"Miss Kilmansegg, with the golden leg," I interrupted, derisively. "Truly you surprise me."

"O Miriam! how can you treat me with such heartless levity?" and he wrung his hands bitterly. "I am pushed to desperation already. I never knew, until I lost you, what you were to me; how superior to all other women, how pure, how unworldly, how strong, how rich in all mental and womanly endowments! Hear me, Miriam," and he attempted to take my hand, an error of which he was soon made conscious.

"Claude Bainrothe," I said, sternly, "I can tolerate you on one condition alone—that you respect me. You cease to do this, you, the betrothed husband of another woman! the moment you sully my ear with your addresses, your effusions of sentiment. They are no more, I know; but even these I will not endure from you, nor yet from—" I hesitated; a hated name had risen to my lips, but I repressed it. He, the son, surely was not the father's keeper.

"You do me injustice; before Heaven, you do!" he exclaimed, flinging back his long curling locks impetuously, by a toss of his superb head, and bending his blazing eyes upon me. "Hear me, Miriam, I hold the clew to a secret by means of which I can compel wealth to flow back to your feet, in the old channels, if you will be mine. You would not have thought this condition hard a year ago. What has occurred to change you? You loved me then—by Heaven you love me still! Oh, say so, Miriam, and make me doubly blessed! Am I deceived in the expression of that beaming eye? You will pardon, bless me;" and he knelt humbly at my feet, and clasped my hand.
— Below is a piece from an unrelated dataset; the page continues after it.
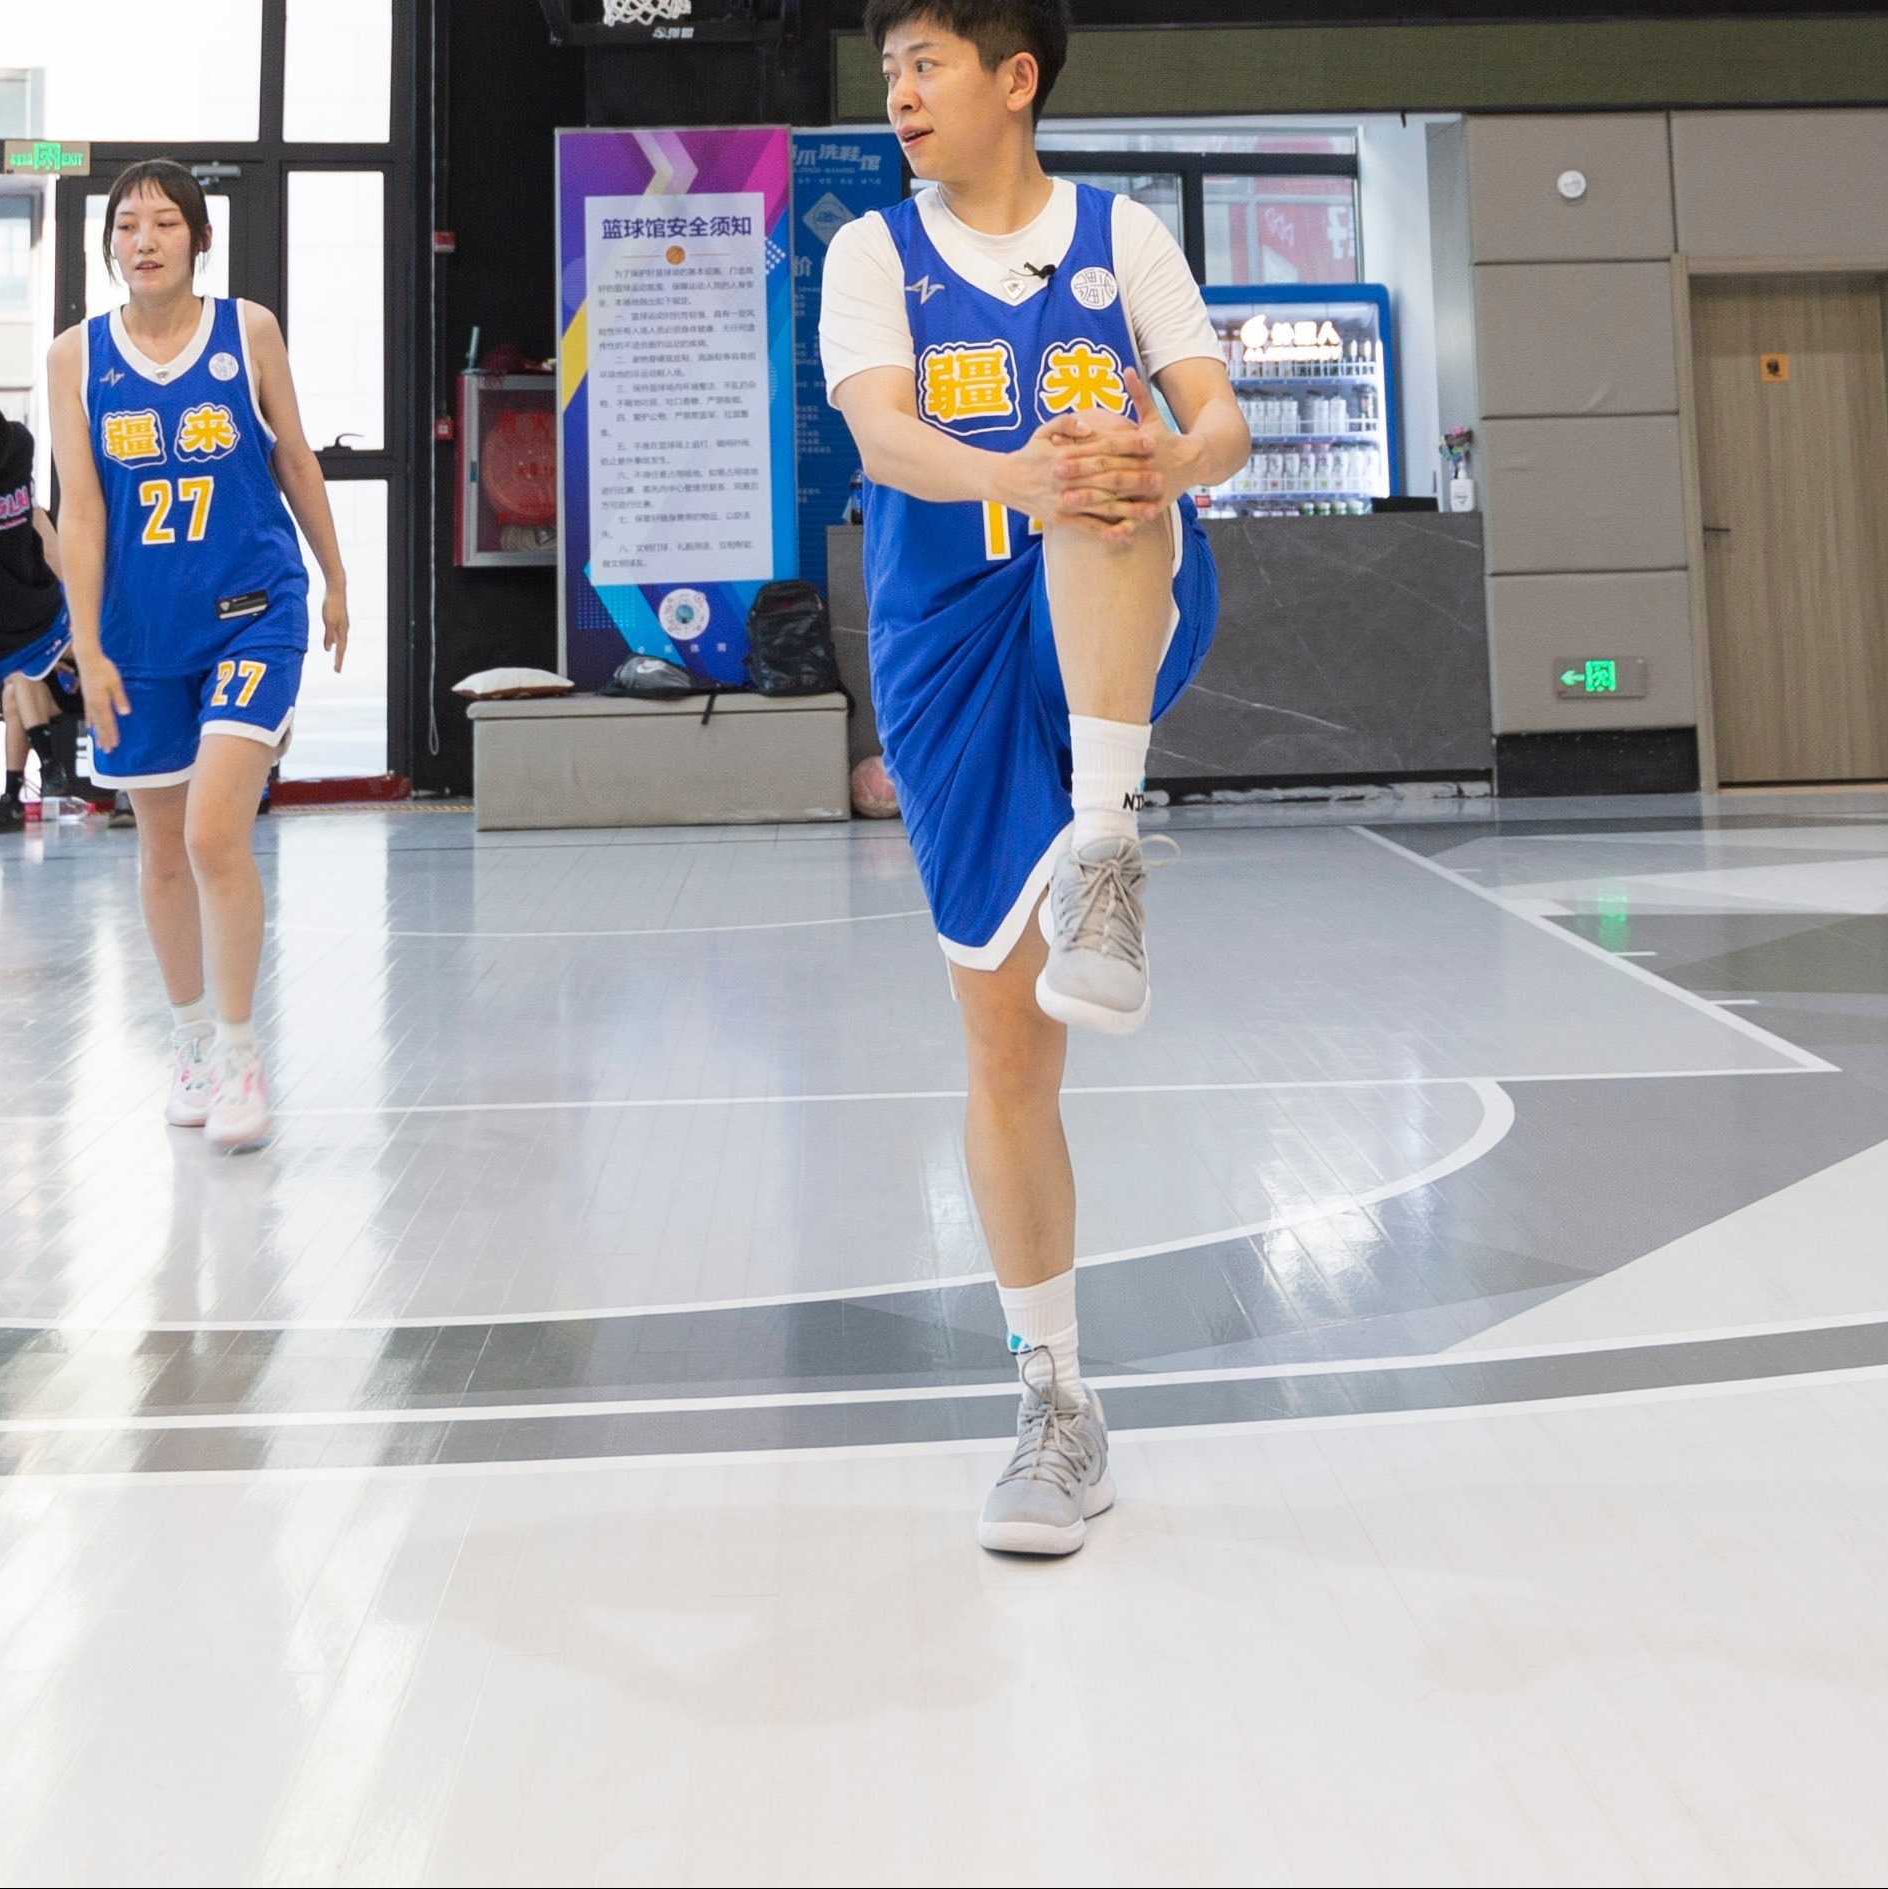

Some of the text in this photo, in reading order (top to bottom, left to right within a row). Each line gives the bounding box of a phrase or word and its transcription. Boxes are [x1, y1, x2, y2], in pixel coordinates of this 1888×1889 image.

"Rise, Claude," I said, "and forgive me if a momentary feeling of triumph, that may have lit my eye, was mingled with the feeling of entire emancipation from all past weakness, which this hour so surely proves, and so satisfactorily, to my own spirit. You are to me like any other stranger."

He was standing sullenly before me now, his head dropping on his breast, his hands loosely clasped before him.

"You are deceived," I pursued, calmly, "if you imagine from any expression of mine that one ray of love survives the ruin of other days. I told you the truth when I said all was over between us forever. Did you suppose me a woman to sit down in the ashes because one man—one woman of all God's manifold creation—had proved false, or treacherous, or ungrateful? I should have wronged my youth, my soul, my descent, my God, had I so yielded. Go and fulfill your contract faithfully this time; a second rupture might not go so well with you as the first. There are persons who are singularly tenacious of their possessions, and who number their bondsmen as a principal portion of their property. Beware how you anger such! Your father too. He would be conciliated now, by what would once have incensed him. Evelyn Erie is rich, Miriam Monfort is poor; why need I add another word? The suggestion is perfect."

Coldly, silently, angrily, he left the room. I heard him stamp impatiently at the hall-door, at some delay apparently in undoing its fastenings—his childish habit when provoked—such was his haste to be gone.

Yet I could scarcely judge, from what had just occurred, taking this, too, in connection with what had passed long before, when I alone was the injured and forgiving one, that I had drawn down upon my head his eternal enmity.

But thus it proved.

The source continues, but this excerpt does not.